(RECORDS SHOWN Opens)

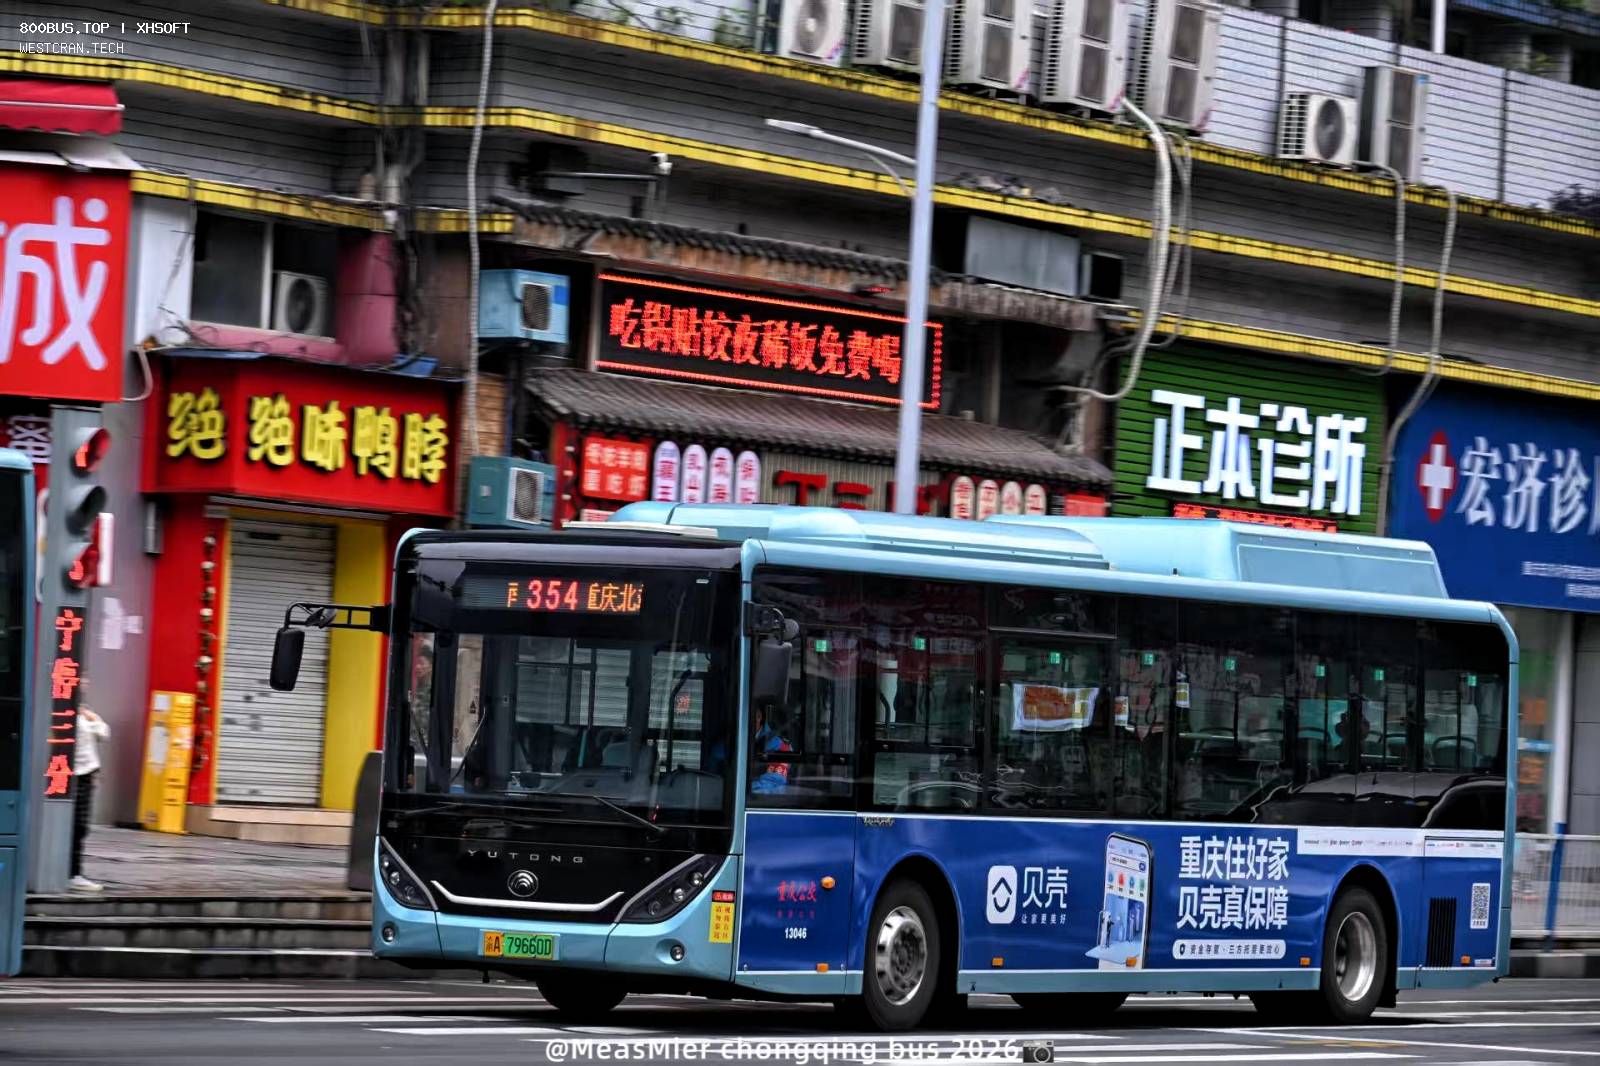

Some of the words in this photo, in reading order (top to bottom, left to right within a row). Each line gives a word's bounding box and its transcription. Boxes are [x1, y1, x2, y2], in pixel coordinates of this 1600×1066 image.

[248, 393, 450, 484] 绝味鸭脖
[1146, 389, 1368, 516] 正本诊所
[1455, 435, 1600, 537] 宏济诊
[526, 579, 579, 611] 354
[467, 849, 584, 864] YUTONG
[1178, 834, 1289, 881] 重庆住好家
[1022, 866, 1069, 909] 贝壳
[1176, 884, 1289, 931] 贝壳真保障
[784, 927, 807, 940] 13046
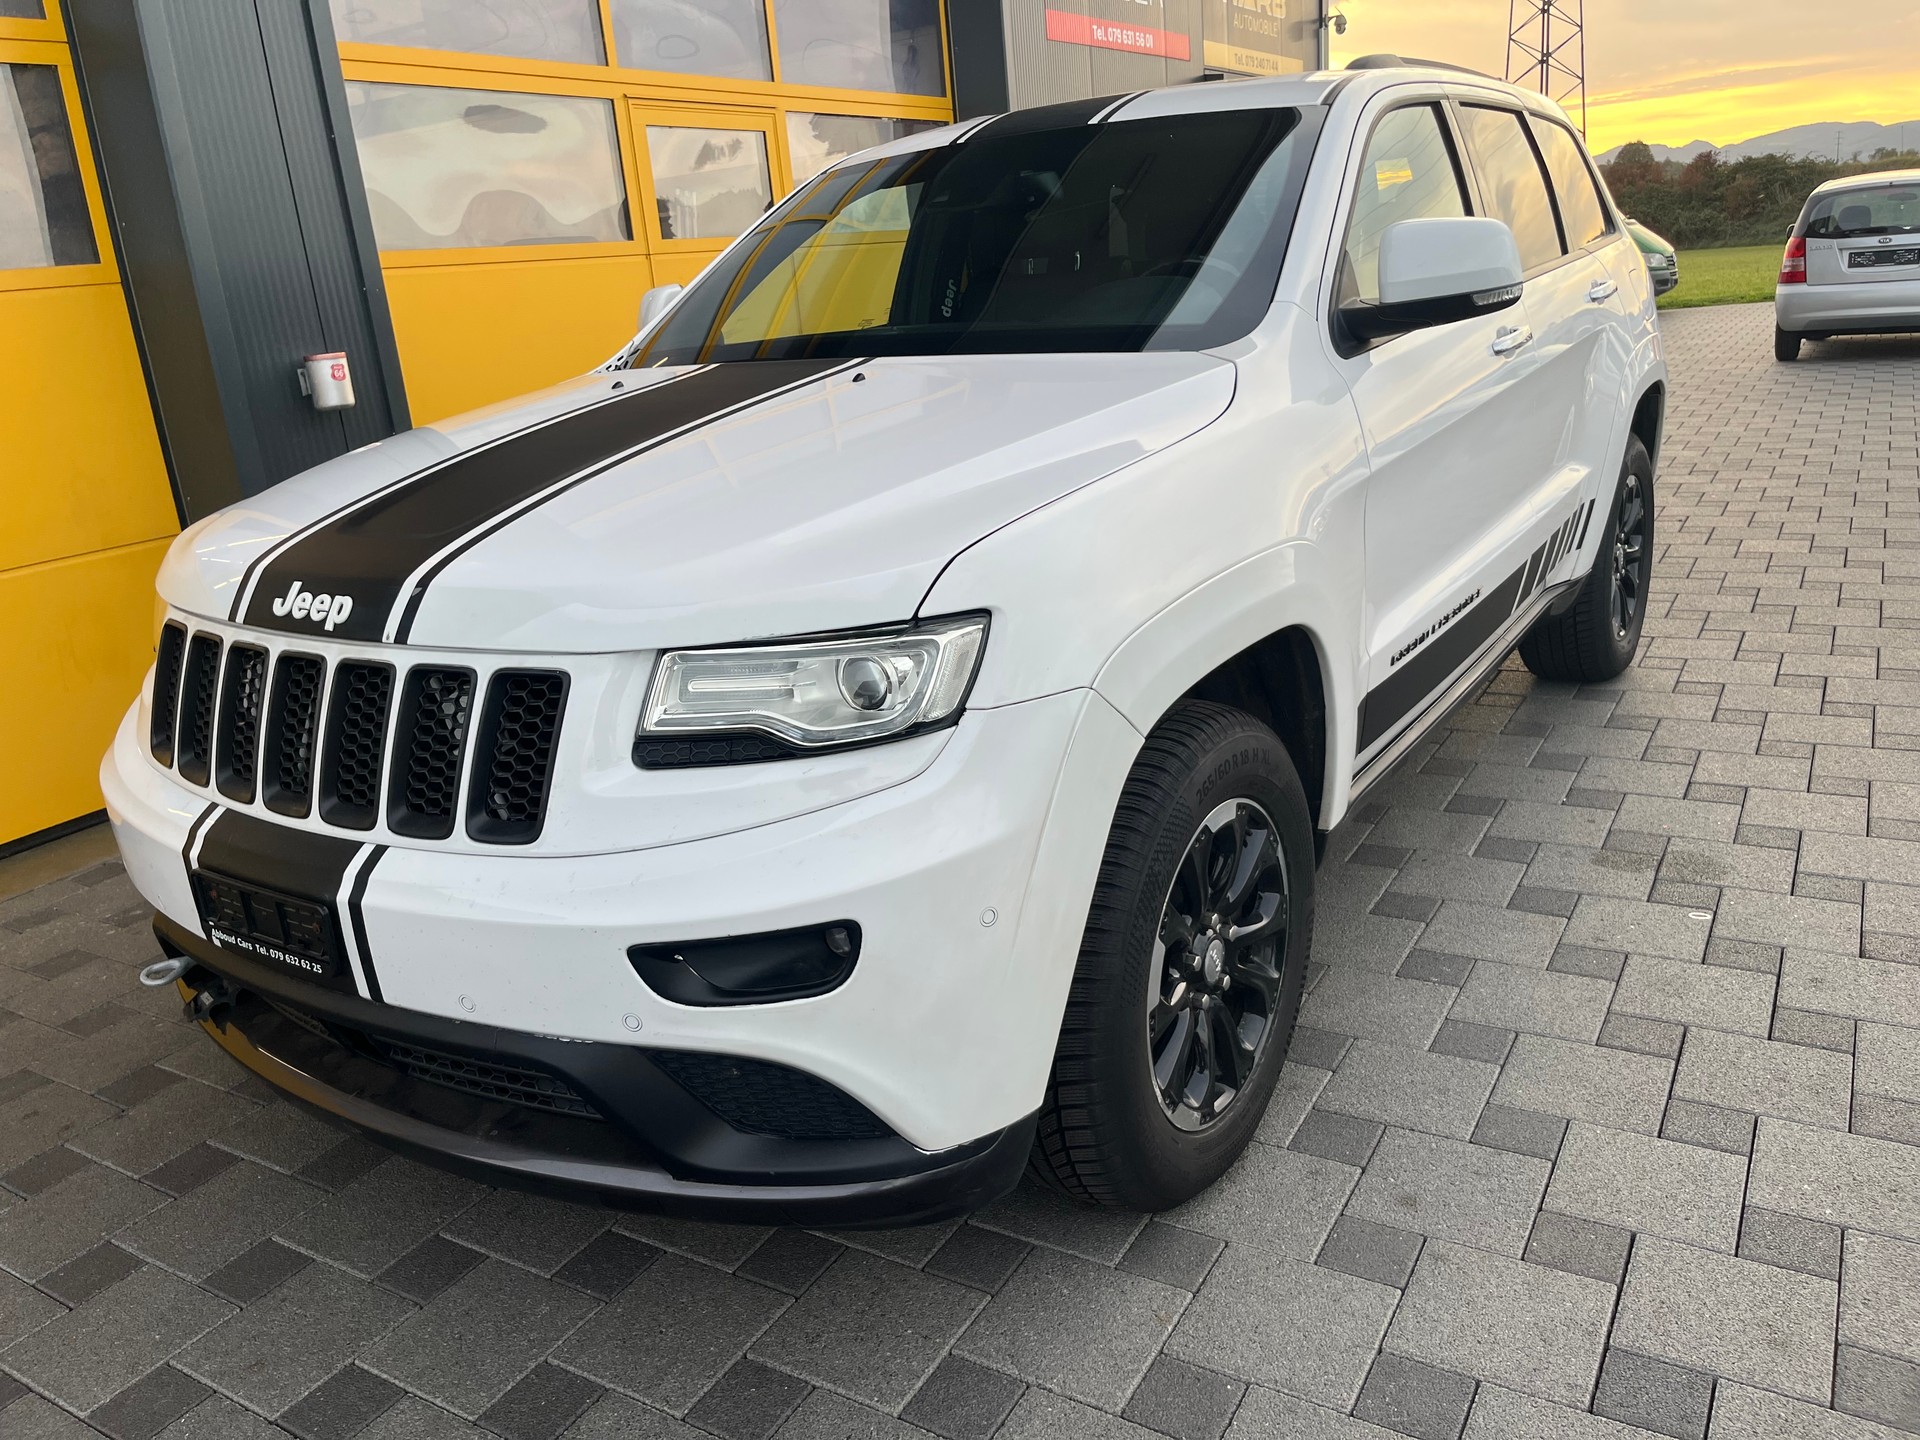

(RECORDS SHOWN Closes)

WHAT YOU SHOULD DO: Every entry must be written out exactly, with all pictures left out.

RESULT:
Some of the words in this photo, in reading order (top to bottom, left to right within a row). Each line gives a word's bounding box and its transcription. Boxes are [x1, y1, x2, y2], in pixel coordinates of this 1600×1066 image.

[248, 393, 450, 484] 绝味鸭脖
[1146, 389, 1368, 516] 正本诊所
[1455, 435, 1600, 537] 宏济诊
[526, 579, 579, 611] 354
[467, 849, 584, 864] YUTONG
[1178, 834, 1289, 881] 重庆住好家
[1022, 866, 1069, 909] 贝壳
[1176, 884, 1289, 931] 贝壳真保障
[784, 927, 807, 940] 13046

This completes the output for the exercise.